_Action item_
Would you repeat all the lines below, exactly as they stand?

§

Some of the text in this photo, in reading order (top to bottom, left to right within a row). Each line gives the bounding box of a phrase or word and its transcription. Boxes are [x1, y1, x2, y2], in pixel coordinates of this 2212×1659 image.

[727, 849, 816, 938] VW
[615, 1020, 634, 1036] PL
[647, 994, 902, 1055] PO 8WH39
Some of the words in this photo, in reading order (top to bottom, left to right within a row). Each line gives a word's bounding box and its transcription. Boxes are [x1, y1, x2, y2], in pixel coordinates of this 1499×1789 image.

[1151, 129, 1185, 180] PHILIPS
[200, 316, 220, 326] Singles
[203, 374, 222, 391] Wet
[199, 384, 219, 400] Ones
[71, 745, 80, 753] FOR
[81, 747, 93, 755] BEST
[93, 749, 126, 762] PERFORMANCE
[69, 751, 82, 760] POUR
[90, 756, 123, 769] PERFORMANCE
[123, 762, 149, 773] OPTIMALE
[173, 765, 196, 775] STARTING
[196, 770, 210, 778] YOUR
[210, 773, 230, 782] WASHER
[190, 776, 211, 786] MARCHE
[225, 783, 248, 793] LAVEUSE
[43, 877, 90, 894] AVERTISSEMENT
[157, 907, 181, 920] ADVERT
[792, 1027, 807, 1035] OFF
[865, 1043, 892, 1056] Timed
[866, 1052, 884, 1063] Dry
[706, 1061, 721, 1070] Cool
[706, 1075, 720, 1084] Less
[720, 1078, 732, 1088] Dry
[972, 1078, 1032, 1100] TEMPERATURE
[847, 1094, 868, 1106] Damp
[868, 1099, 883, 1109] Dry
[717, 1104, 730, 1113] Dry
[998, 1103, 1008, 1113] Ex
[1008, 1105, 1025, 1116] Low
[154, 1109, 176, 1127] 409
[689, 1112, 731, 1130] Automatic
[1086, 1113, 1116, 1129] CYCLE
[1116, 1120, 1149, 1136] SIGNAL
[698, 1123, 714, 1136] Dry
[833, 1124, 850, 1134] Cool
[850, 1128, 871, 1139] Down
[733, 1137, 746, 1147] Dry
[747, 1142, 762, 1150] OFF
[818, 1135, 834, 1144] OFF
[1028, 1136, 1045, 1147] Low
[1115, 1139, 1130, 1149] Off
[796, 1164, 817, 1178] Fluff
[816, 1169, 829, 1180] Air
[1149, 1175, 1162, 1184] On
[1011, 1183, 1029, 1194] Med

§

_Exercise response_
Some of the text in this photo, in reading order (top to bottom, left to right within a row). Each line gives the bounding box of a phrase or word and its transcription. Boxes are [x1, y1, x2, y2], in pixel coordinates of this 2212×1659 image.

[727, 849, 816, 938] VW
[615, 1020, 634, 1036] PL
[647, 994, 902, 1055] PO 8WH39
Some of the words in this photo, in reading order (top to bottom, left to right within a row). Each line gives a word's bounding box and its transcription. Boxes are [x1, y1, x2, y2], in pixel coordinates of this 1499×1789 image.

[1151, 129, 1185, 180] PHILIPS
[200, 316, 220, 326] Singles
[203, 374, 222, 391] Wet
[199, 384, 219, 400] Ones
[71, 745, 80, 753] FOR
[81, 747, 93, 755] BEST
[93, 749, 126, 762] PERFORMANCE
[69, 751, 82, 760] POUR
[90, 756, 123, 769] PERFORMANCE
[123, 762, 149, 773] OPTIMALE
[173, 765, 196, 775] STARTING
[196, 770, 210, 778] YOUR
[210, 773, 230, 782] WASHER
[190, 776, 211, 786] MARCHE
[225, 783, 248, 793] LAVEUSE
[43, 877, 90, 894] AVERTISSEMENT
[157, 907, 181, 920] ADVERT
[792, 1027, 807, 1035] OFF
[865, 1043, 892, 1056] Timed
[866, 1052, 884, 1063] Dry
[706, 1061, 721, 1070] Cool
[706, 1075, 720, 1084] Less
[720, 1078, 732, 1088] Dry
[972, 1078, 1032, 1100] TEMPERATURE
[847, 1094, 868, 1106] Damp
[868, 1099, 883, 1109] Dry
[717, 1104, 730, 1113] Dry
[998, 1103, 1008, 1113] Ex
[1008, 1105, 1025, 1116] Low
[154, 1109, 176, 1127] 409
[689, 1112, 731, 1130] Automatic
[1086, 1113, 1116, 1129] CYCLE
[1116, 1120, 1149, 1136] SIGNAL
[698, 1123, 714, 1136] Dry
[833, 1124, 850, 1134] Cool
[850, 1128, 871, 1139] Down
[733, 1137, 746, 1147] Dry
[747, 1142, 762, 1150] OFF
[818, 1135, 834, 1144] OFF
[1028, 1136, 1045, 1147] Low
[1115, 1139, 1130, 1149] Off
[796, 1164, 817, 1178] Fluff
[816, 1169, 829, 1180] Air
[1149, 1175, 1162, 1184] On
[1011, 1183, 1029, 1194] Med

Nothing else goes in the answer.